Truman had estimated that he could get "85 percent" of his way with Stalin prior to their first and only meeting at the Potsdam Conference. He believed the Soviet foreign minister Molotov - who he had earlier "told of" - to be the problem. I think that as negotiations at Potsdam showed that Stalin had his own ideas about how the postwar World should be formed, Truman got increasingly displeased with the course of the conference. He left it more and more to his newly appointed foreign secretary Byrnes to handle the negotiations.
When Truman was informed of the succesful testing of the Manhattan project during the conference, it livened him up. He believed that the Soviets would be more compliant when they saw the result of the bomb. He even told Stalin about it, but the Soviet premier didn't react as Truman thought he would. It has later been established that Stalin had been informed of the bomb by Soviet spies.
The Soviets had promised at the Yalta Conference that they would invade the japanese positions in Manchuria, and not go against the nationalist Chiang Kai-shek in China, who fought the chinese communists at this time. During the beginning of the Potsdam Conference Truman was very interested in getting Stalin to commit to these promises. However, after the bomb had been tested, Truman and Byrnes seemed to think that the war against Japan could be ended before the russians entered, and thus eliminate any influence the russians could get over Japan, which indeed became the end result.

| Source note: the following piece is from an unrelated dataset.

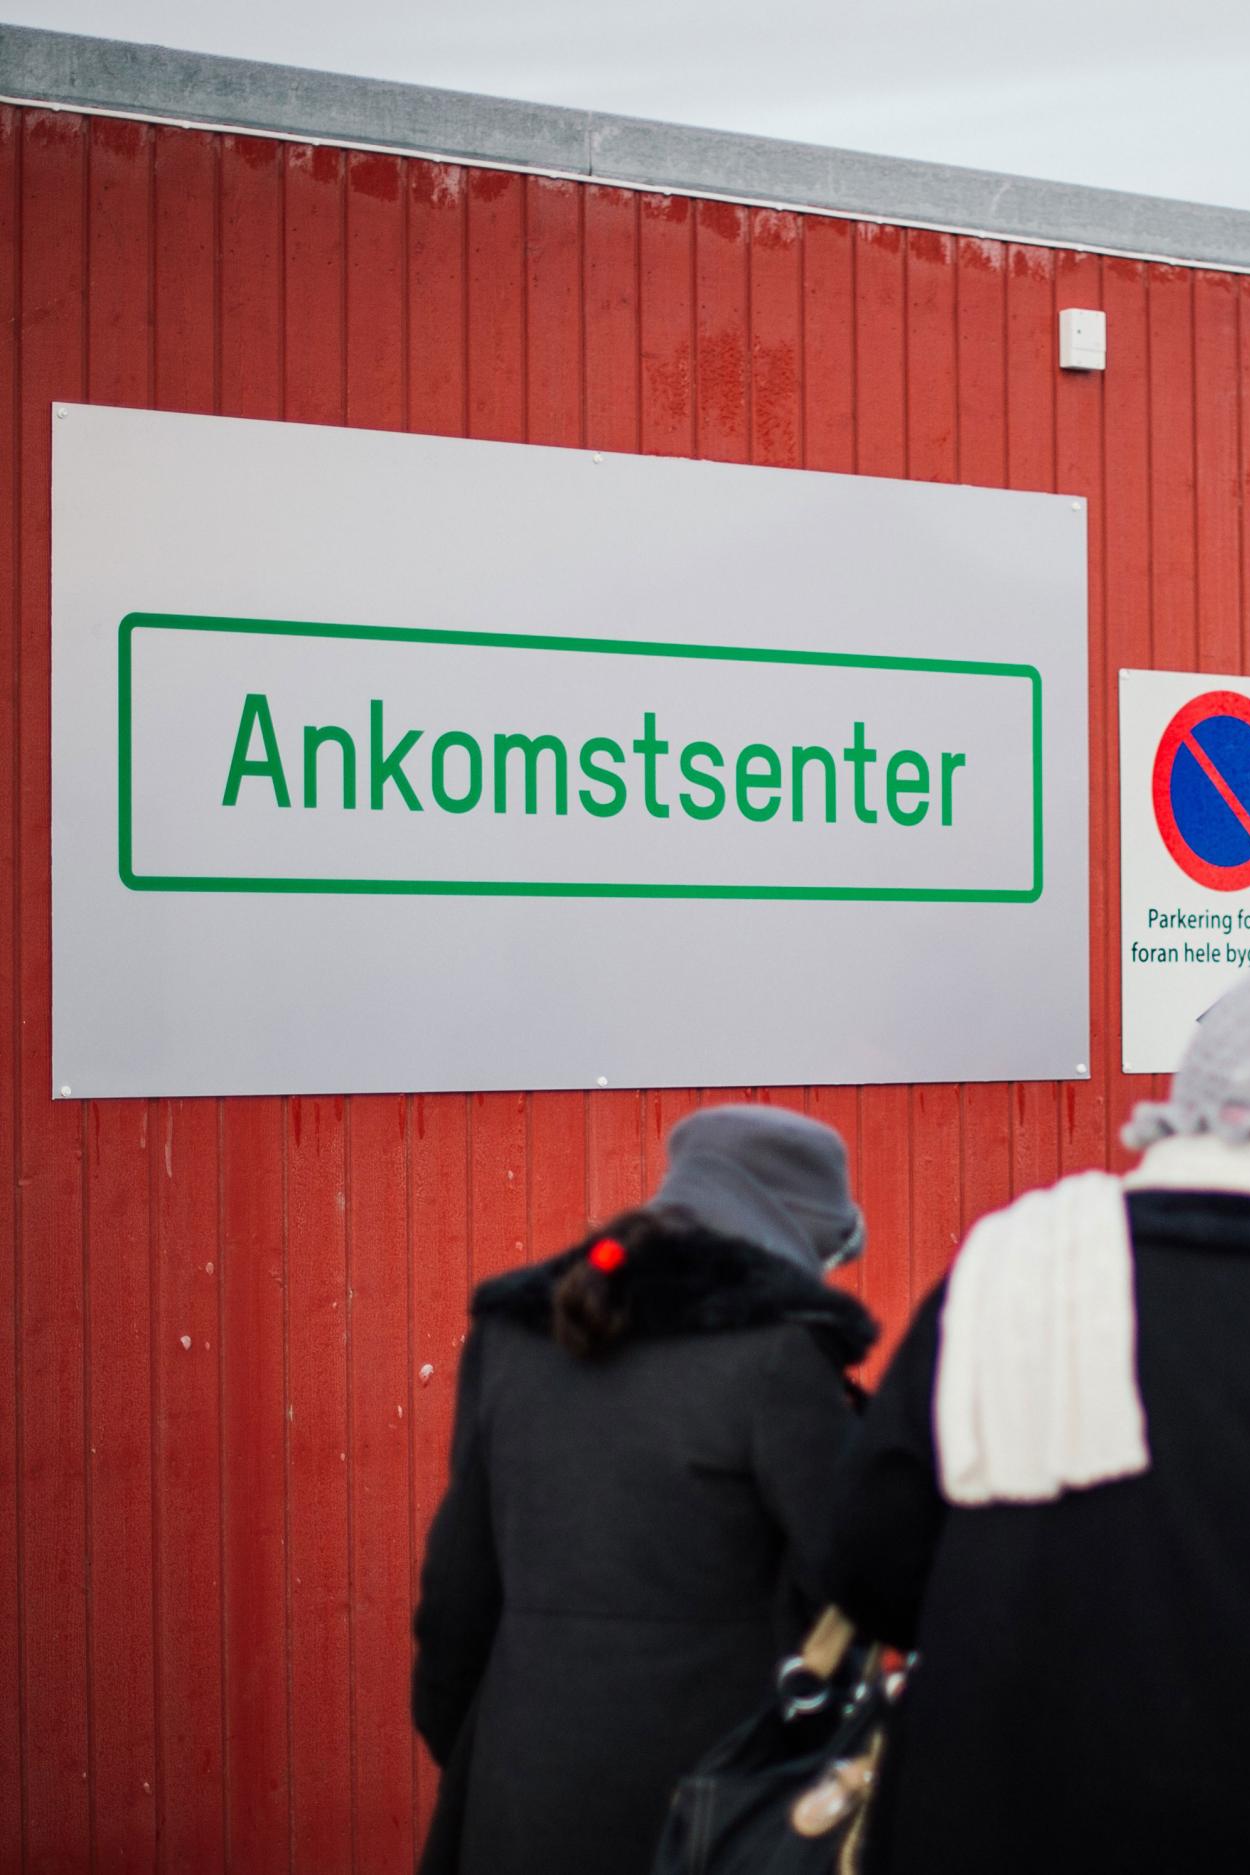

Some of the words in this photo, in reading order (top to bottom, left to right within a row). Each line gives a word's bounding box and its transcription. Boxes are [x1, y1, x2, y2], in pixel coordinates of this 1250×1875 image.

[221, 691, 967, 828] Ankomstsenter
[1147, 908, 1233, 935] Parkering
[1131, 941, 1179, 963] foran
[1184, 942, 1221, 963] hele

So the argument that the bomb was used to "send a message" to Stalin is a valid claim. However, I do not think that it can stand alone. For the reasons given in my previous post, I still think that Truman not using the bomb would be unthinkable. It certainly didn't discourage him that he could send a message to Stalin, but it was not the only reason to use it, and in my opinion, it was not the most important reason.